Install Tekton, make sure there is a default storage class, and install the Windows EFI installer pipeline.

ssh -i /opt/openshift/secrets/hypervisor-admin.key root@172.16.0.1 <<'EOF'
export KUBECONFIG=/var/tmp/ocp-kubeconfig

oc annotate storageclass ocs-storagecluster-ceph-rbd \
  storageclass.kubernetes.io/is-default-class=true --overwrite

cat <<'YAML' | oc apply -f -
apiVersion: operators.coreos.com/v1alpha1
kind: Subscription
metadata:
  name: openshift-pipelines-operator-rh
  namespace: openshift-operators
spec:
  channel: pipelines-1.20
  installPlanApproval: Automatic
  name: openshift-pipelines-operator-rh
  source: cs-redhat-operator-index-v4-20
  sourceNamespace: openshift-marketplace
YAML

oc create namespace windows-image-builder || true
oc adm policy add-role-to-user edit system:serviceaccount:windows-image-builder:pipeline -n windows-image-builder

curl -L \
  https://raw.githubusercontent.com/openshift-pipelines/tektoncd-catalog/p/pipelines/windows-efi-installer/4.20.7/windows-efi-installer.yaml \
  | oc apply -n windows-image-builder -f -
EOF

32. Launch A Windows EFI Build

Launch the Windows Server image-build PipelineRun manually after the Pipelines lane is in place.

Note

Automation reference: playbooks/day2/openshift-windows-server-build.yml, role openshift_windows_server_build.

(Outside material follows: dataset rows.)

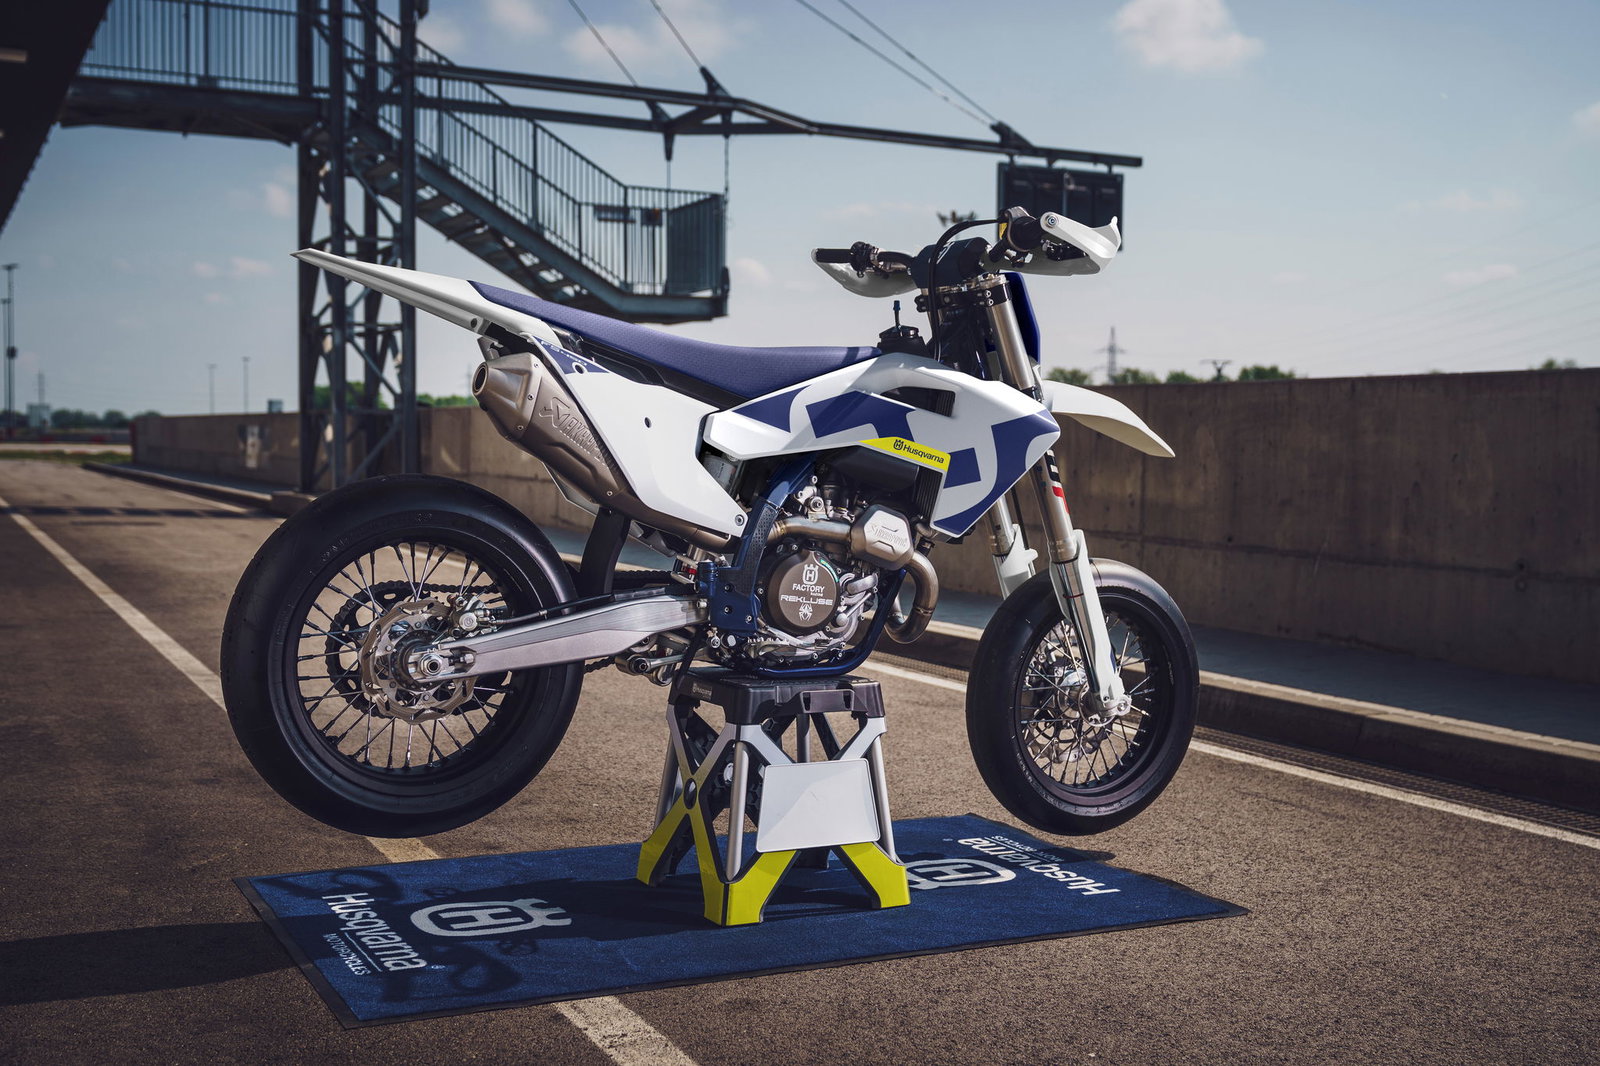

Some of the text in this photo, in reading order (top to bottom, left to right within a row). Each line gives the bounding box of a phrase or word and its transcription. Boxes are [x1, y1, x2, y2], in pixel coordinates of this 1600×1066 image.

[903, 443, 945, 464] Husqvarna
[780, 594, 833, 606] REKLUSE
[792, 583, 825, 593] FACTORY
[991, 835, 1065, 862] MOTRCYCLES
[957, 837, 1121, 896] Husqvarna
[322, 892, 428, 972] Husqvarna
[323, 933, 372, 976] MOTORCYCLES

Set a real Windows ISO URL, then apply the PipelineRun directly.

ssh -i /opt/openshift/secrets/hypervisor-admin.key root@172.16.0.1 <<'EOF'
export KUBECONFIG=/var/tmp/ocp-kubeconfig

cat <<'YAML' | oc apply -f -
apiVersion: tekton.dev/v1
kind: PipelineRun
metadata:
  name: windows2k22-efi-installer-run
  namespace: windows-image-builder
spec:
  pipelineRef:
    name: windows-efi-installer
  params:
    - name: winImageDownloadURL
        value: REPLACE_WITH_WINDOWS_SERVER_ISO_URL
    - name: acceptEula
        value: "true"
    - name: autounattendXMLConfigMapsURL
        value: https://raw.githubusercontent.com/rh-ecosystem-edge/windows-machine-config-bootstrapper/main/configmaps/
    - name: instanceTypeName
        value: u1.large
    - name: instanceTypeKind
        value: VirtualMachineClusterInstancetype
    - name: preferenceName
        value: windows.2k22.virtio
    - name: virtualMachinePreferenceKind
        value: VirtualMachineClusterPreference
    - name: autounattendConfigMapName
        value: windows2k22-autounattend
    - name: virtioContainerDiskName
        value: quay.io/kubevirt/virtio-container-disk:centos-stream9
    - name: baseDvName
        value: win2k22
    - name: isoDVName
        value: win2k22-install
    - name: useBiosMode
        value: "false"
  taskRunTemplate:
    serviceAccountName: pipeline
YAML

oc get pipelinerun windows2k22-efi-installer-run -n windows-image-builder
EOF

33. Pivot OperatorHub To The Disconnected Catalog

Pivot OperatorHub to the disconnected catalogs produced by the mirror phase.

Note

Automation reference: playbooks/day2/openshift-disconnected-operatorhub.yml, role openshift_disconnected_operatorhub.

Important

In the automated path this runs before any operator subscriptions (sections 25-32). If you are walking the manual process in order, you have already been using the disconnected catalog source names (cs-redhat-operator-index-v4-20). This section exists for reference and for rebuilds where the pivot needs to be reapplied. All subsequent operator installs (sections 25-32) use the disconnected catalog source names (cs-redhat-operator-index-v4-20, cc-redhat-operator-index-v4-20) instead of the upstream redhat-operators / community-operators defaults.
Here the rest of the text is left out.